Oldric se racla avec nervosité le cuir chevelu. Tellement habitué à ce bruit, il n'entendait presque plus les sandales à clous des gardes qui passaient sur les barres de fer au-dessus de sa tête. À moins qu'il ne fasse le rêve. Il percevait alors des pas lourds et voyait les ombres danser. Agité, il émergeait de l'obscurité de sa cellule, se demandant si l'aube allait bientôt poindre. Mieux valait se trouver dans la cour, occupé par les exercices rigoureux. Mieux valait éclater les poteaux de bois à l'aide d'une épée. Le rêve laissait une entaille si profonde que la folie menaçait de grignoter la raison, petit à petit.

Il ramassa l'idole de pierre logée au creux de l'alcôve. Ses doigts se promenèrent sur la douzaine de mamelles qui couvraient la poitrine et le ventre de l'effigie. Ingvar l'avait abandonné en Estanie, et il avait besoin d'un dieu à vénérer. Peut-être que celle-ci ferait l'affaire. Calanthe faisait appel à sa sensualité. En échange de quelques pièces d'aigles, ses oracles assistaient les fidèles dans leur « dévotion ». L'Estanien avait visité le temple de Calanthe et en était ressorti repu, quoique vaguement troublé. Aetherna et ses plaisirs...

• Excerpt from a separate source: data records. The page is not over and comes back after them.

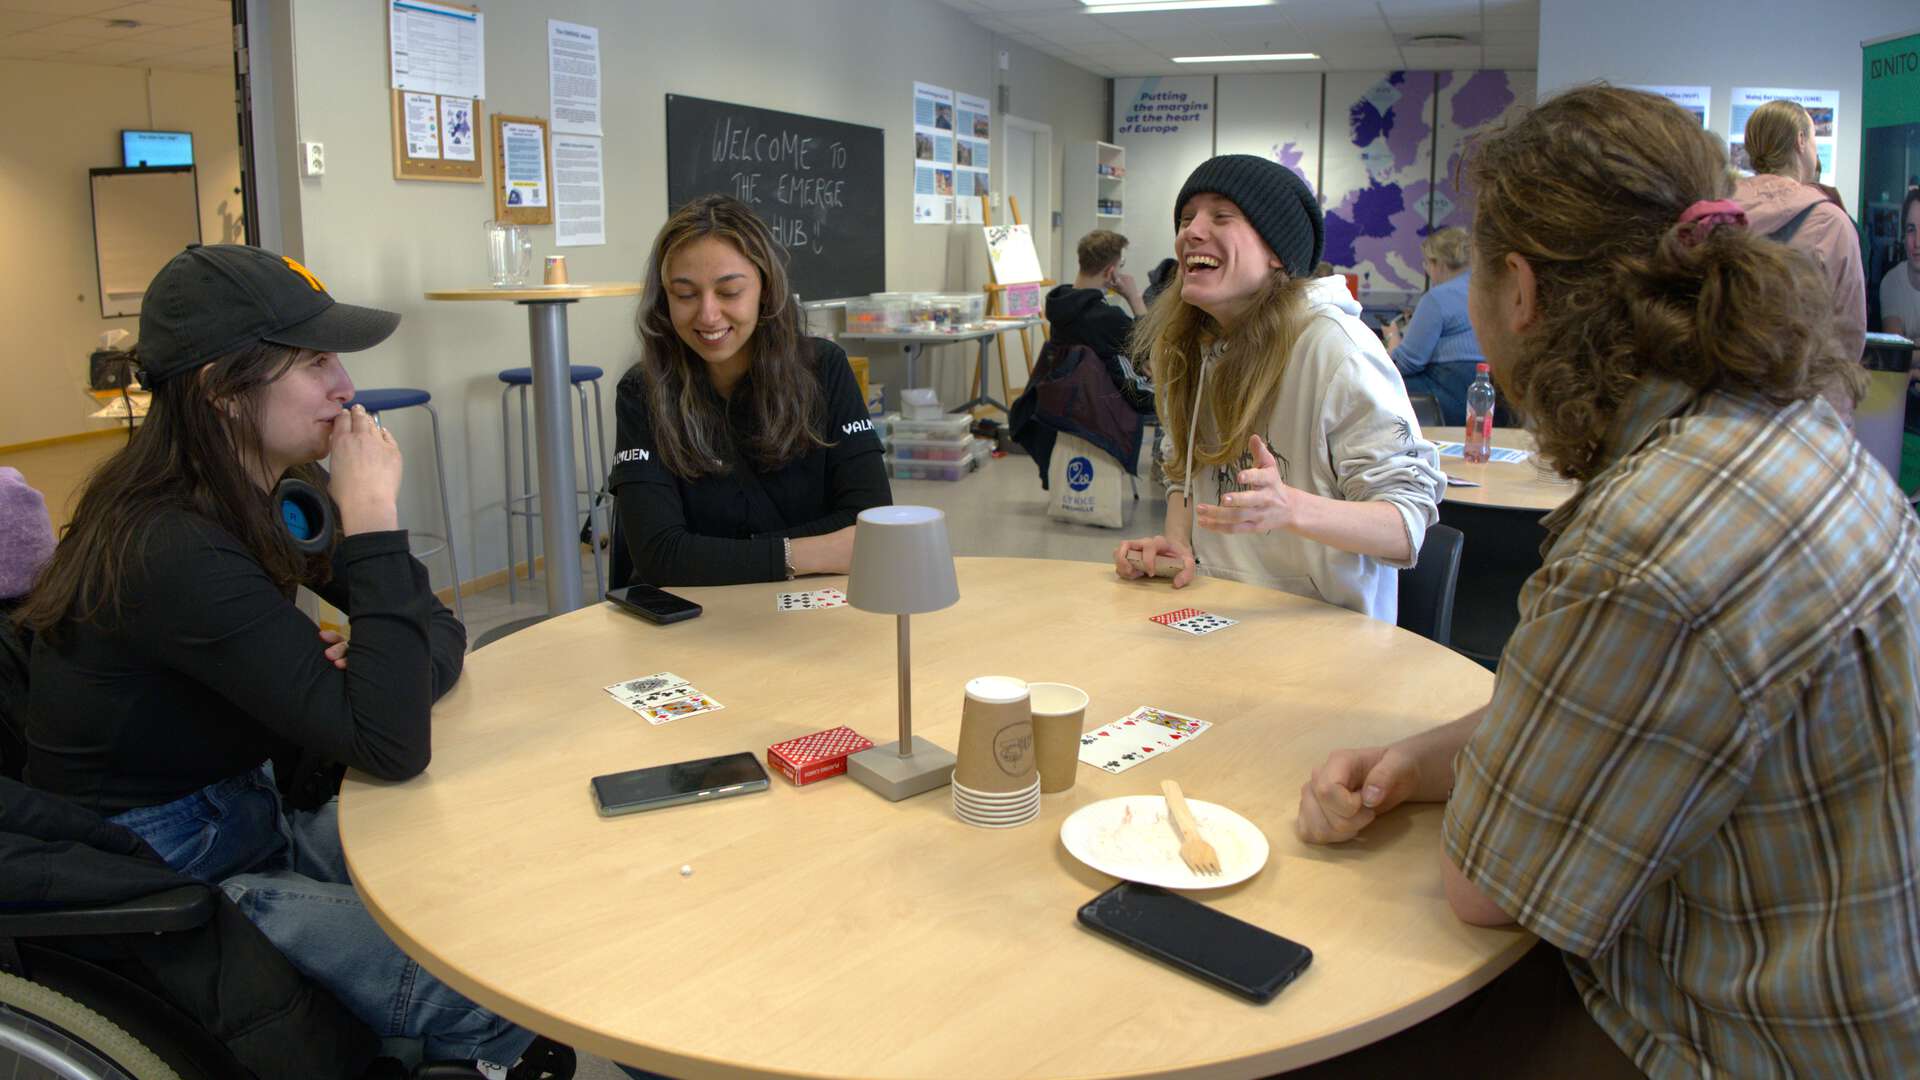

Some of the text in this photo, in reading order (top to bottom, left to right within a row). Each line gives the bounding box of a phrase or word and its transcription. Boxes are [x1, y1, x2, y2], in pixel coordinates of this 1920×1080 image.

[1884, 52, 1919, 77] NITO
[1141, 91, 1188, 102] Putting
[1133, 101, 1208, 112] the margins
[1126, 113, 1200, 123] at the heart
[1118, 124, 1179, 134] of Europe
[712, 117, 847, 170] WELCOME TO
[731, 172, 845, 209] THE EMERGE
[771, 214, 808, 247] HUB

La lumière des torches clignota, la voix des licteurs se rapprocha. Il replaça la statue, s'assit sur son banc. S'appuyant sur le granit froid, il ferma les paupières et revit à nouveau sa mère, prophétisant devant le bûcher : « Une femme aux cheveux sombres et à la peau de bronze... ».  Il n'avait pas revu Modr depuis si longtemps. Sa dernière vision semblait remonter à des millénaires, enchevêtrés aux chimères de Tharacus, aux entrailles de Fadr, et parfois même à ces gamines aperçues près d'un verger sur la route de Philippos. Pourtant, aujourd'hui, le songe persistait tel un écho surgi des ténèbres.

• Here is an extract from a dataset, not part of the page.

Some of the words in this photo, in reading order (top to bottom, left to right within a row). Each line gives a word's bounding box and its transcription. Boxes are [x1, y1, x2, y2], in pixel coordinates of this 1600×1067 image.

La cité pullulait de femmes aux cheveux sombres et à la peau de bronze. Les Xhers, avec leur beauté frappante et leur taille de tour, possédaient cette complexion d'airain : la couleur de leur peau variait du brou de noix au teck profond, de l'ébène au jais poli. Les Shulamites aussi se targuaient d'avoir un teint de « bronze », certains évoquant la douceur du miel à l'exemple de Gad, d'autres affichant un éclat tantôt doré, tantôt cuivré. Une partie-ci côtoyait les tons chauds du noyer, des châtaignes mûres, une portion-là ressemblait à du sable scintillant sous le soleil brûlant. Quant aux habitants des îles du Printemps, leur héritage mêlait tant d'origine que leur carnation se baladait de l'onyx à la porcelaine.

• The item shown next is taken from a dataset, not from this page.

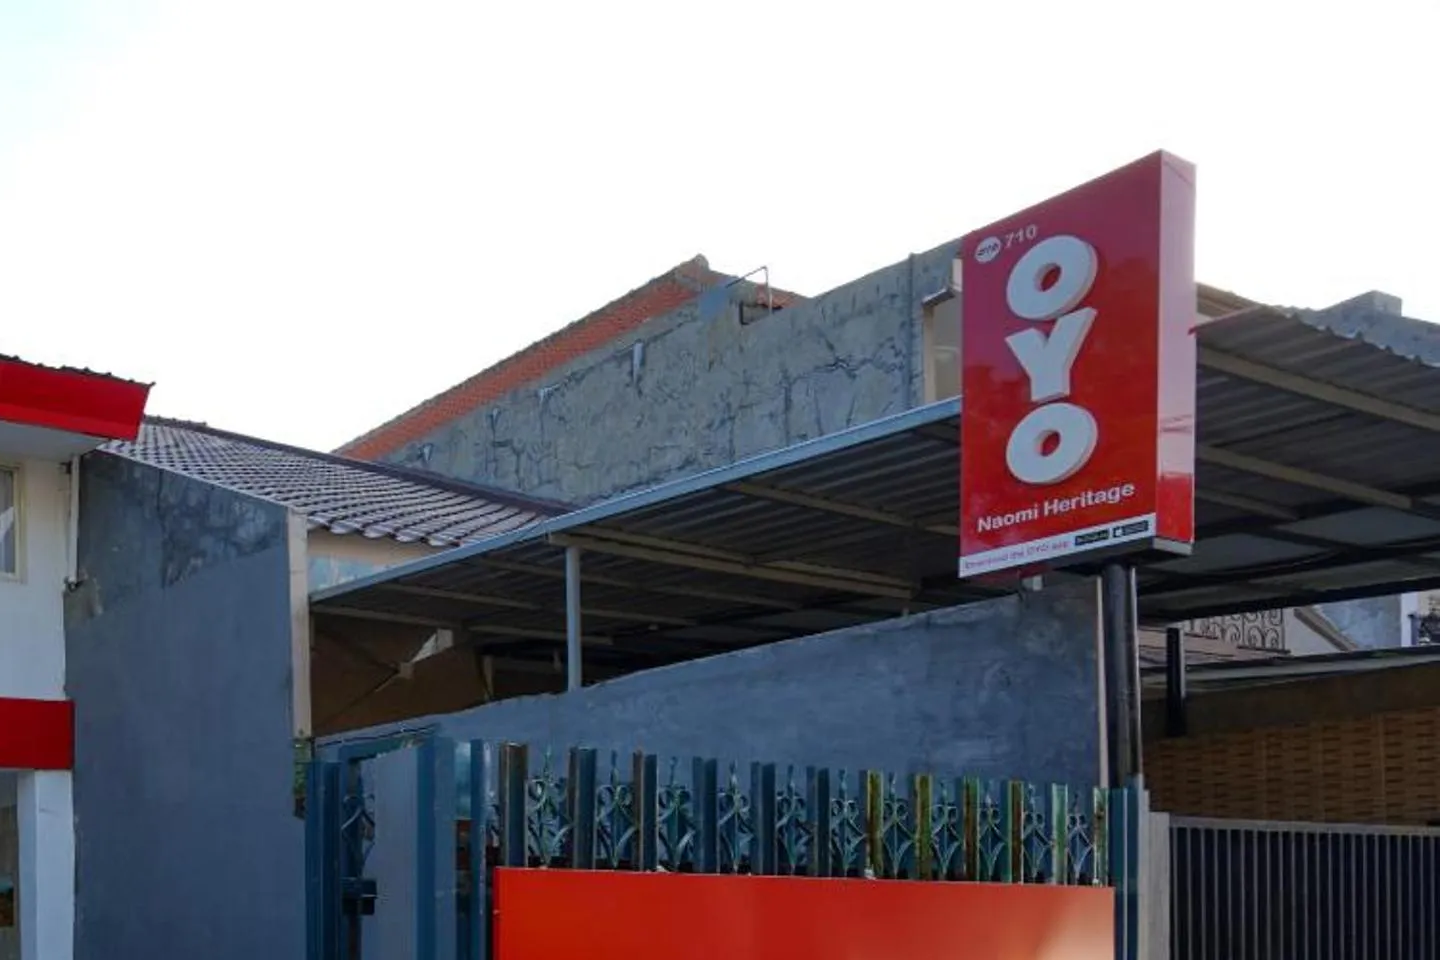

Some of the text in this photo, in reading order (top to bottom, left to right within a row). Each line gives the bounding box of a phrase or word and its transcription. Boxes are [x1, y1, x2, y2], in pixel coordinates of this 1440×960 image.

[1004, 224, 1038, 249] 710
[1005, 234, 1099, 484] OYO
[977, 483, 1136, 533] Naomi Heritage

Tous, peau de bronze et cheveux sombres, hommes et femmes. Beaucoup d'entre eux participaient aux festins précédant les jeux, proposaient de s'offrir à lui. En guise d'insulte, il les ignorait. Mettre à l'épreuve la patience de Kratheus ne le bouleversait nullement. Oldric ne craignait plus la suspension ou le supplice des lions : la plèbe ne le permettrait jamais. Avec quatre-vingt-neuf morts à son actif, des milliers de personnes saturaient le Grand Théâtron afin de le voir combattre. L'empereur n'était pas dupe. Il ne gaspillerait pas une marchandise de cette valeur en vue de préserver son orgueil.

Cependant, la célébrité ne procurait aucun plaisir. En fait, le champion se sentait berné, car les promesses de liberté de Bammon semblaient davantage l'asservir. L'instructeur évitait d'aborder le sujet du mystérieux prince qui les délivrerait. Sois patient, disait-il. Lutte jusqu'à ce que le moment fatidique arrive, assurait-il. Des reîtres supplémentaires lui furent assignés, non pas aux fins de l'empêcher de s'échapper, ce qu'ils savaient désormais improbable, plutôt par souci de le protéger d'une population hystérique.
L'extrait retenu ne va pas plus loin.